▶ Problem to work on:
Quote every line of the data below as it stands, omitting pictures.

** Data shown follows **

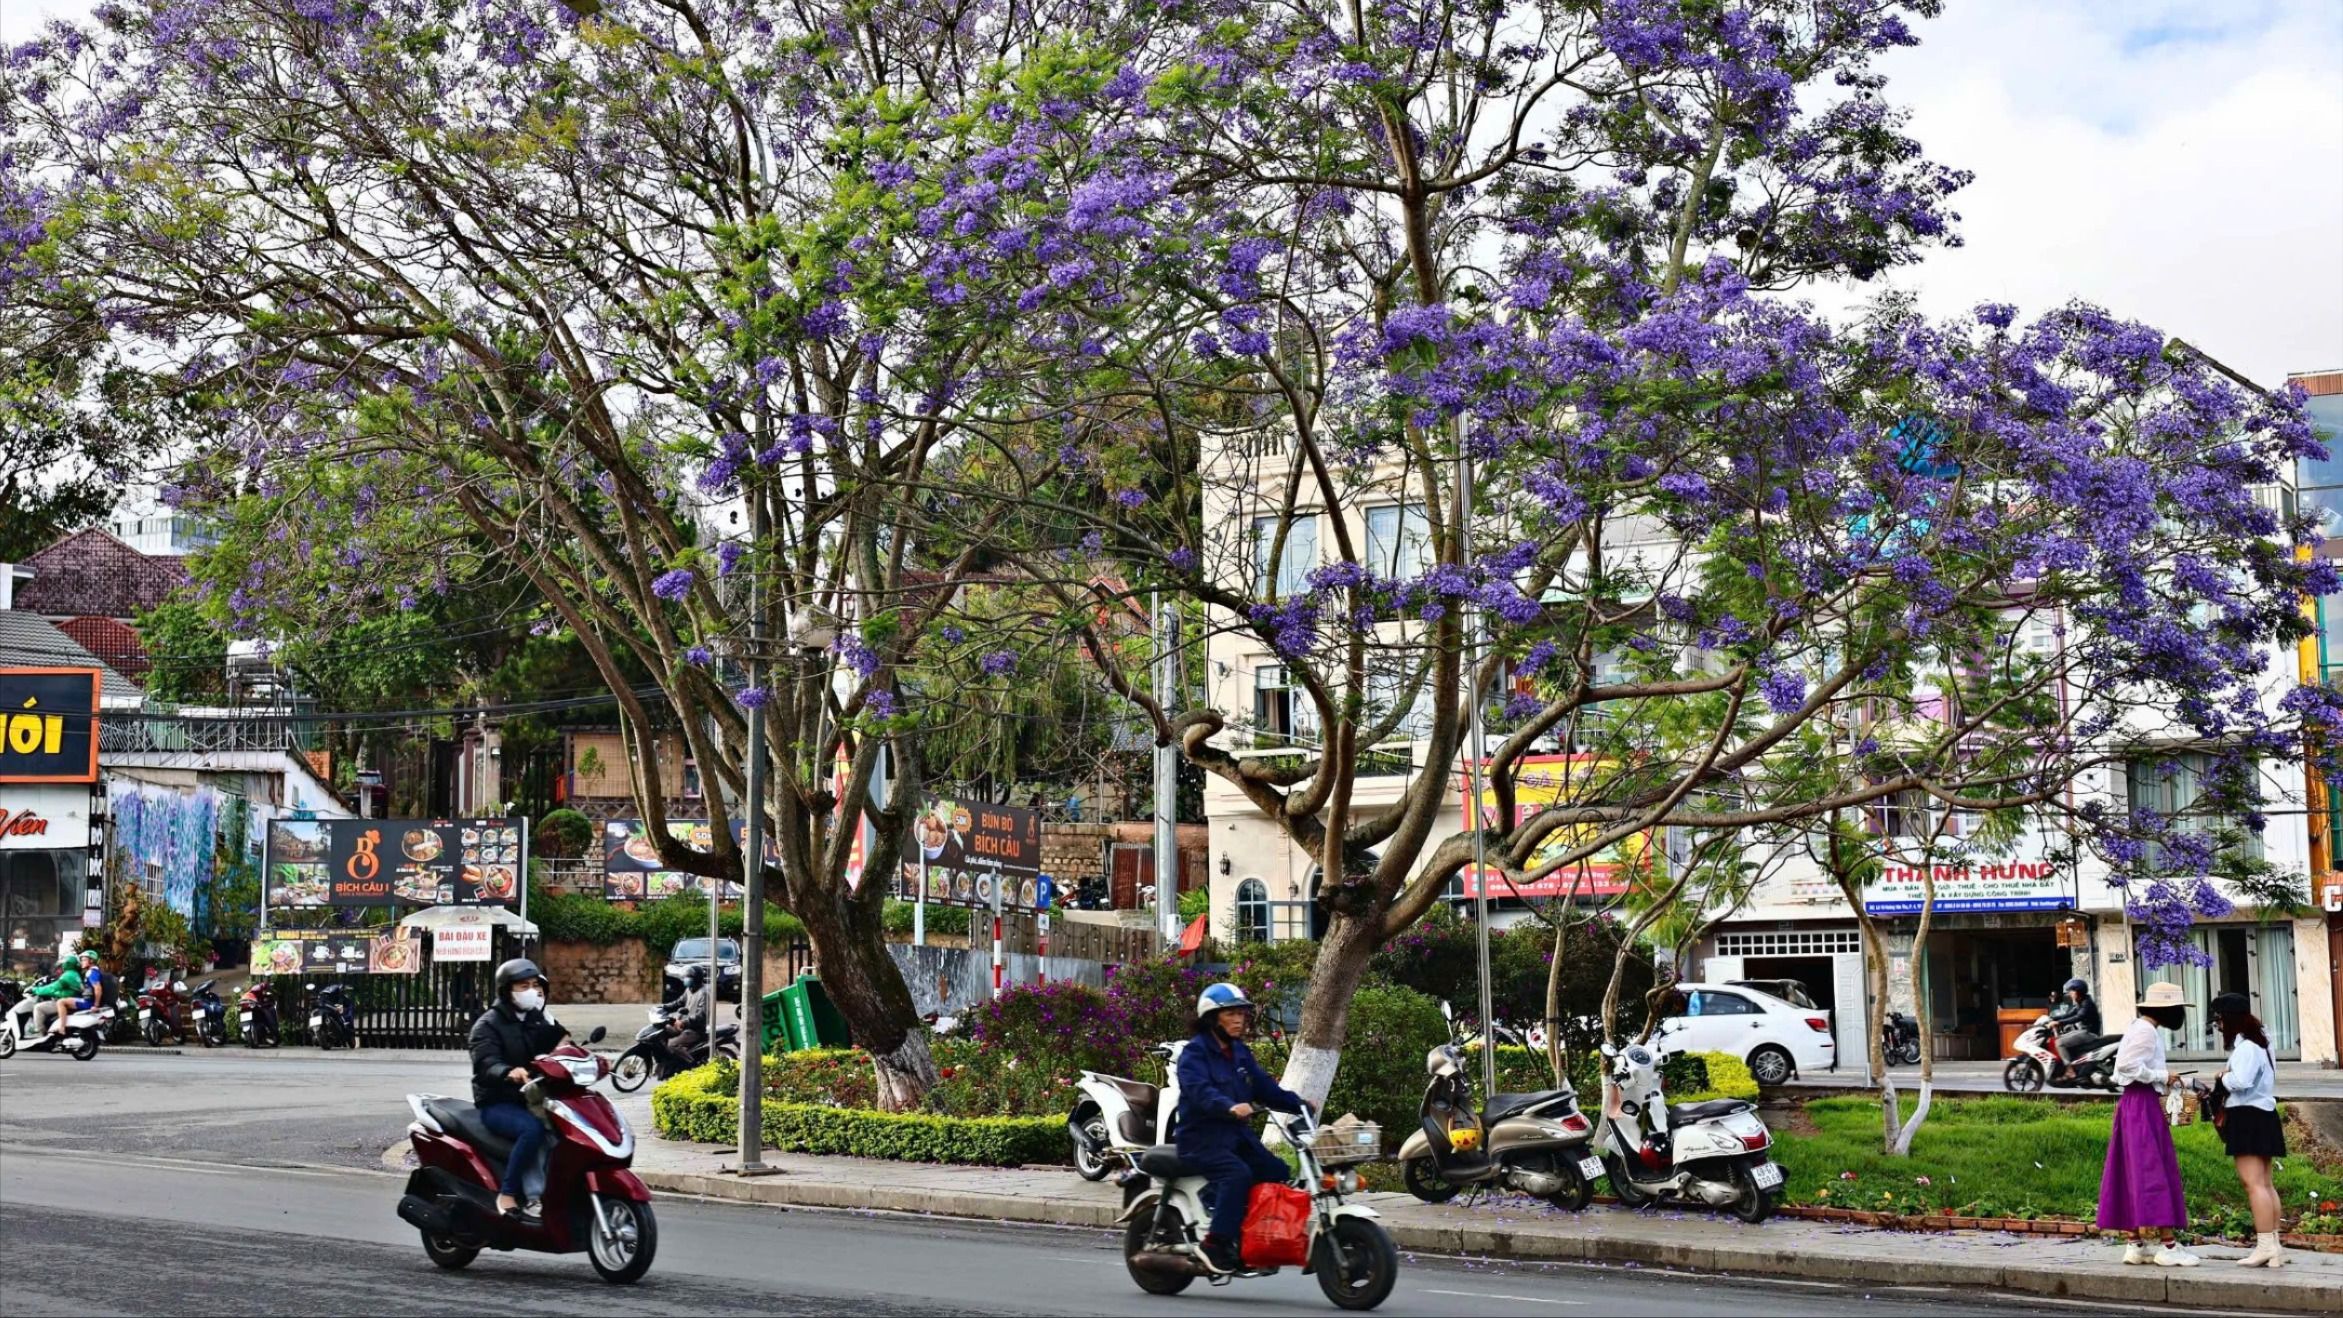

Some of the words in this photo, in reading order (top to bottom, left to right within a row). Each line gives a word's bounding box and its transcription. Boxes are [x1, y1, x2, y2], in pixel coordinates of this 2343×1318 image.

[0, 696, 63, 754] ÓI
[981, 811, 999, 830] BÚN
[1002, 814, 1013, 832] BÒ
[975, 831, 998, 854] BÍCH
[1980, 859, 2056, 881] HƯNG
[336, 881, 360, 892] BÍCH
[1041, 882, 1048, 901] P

** End of Data shown **

▶ The completed task:
Some of the words in this photo, in reading order (top to bottom, left to right within a row). Each line gives a word's bounding box and its transcription. Boxes are [x1, y1, x2, y2], in pixel coordinates of this 2343×1318 image.

[0, 696, 63, 754] ÓI
[981, 811, 999, 830] BÚN
[1002, 814, 1013, 832] BÒ
[975, 831, 998, 854] BÍCH
[1980, 859, 2056, 881] HƯNG
[336, 881, 360, 892] BÍCH
[1041, 882, 1048, 901] P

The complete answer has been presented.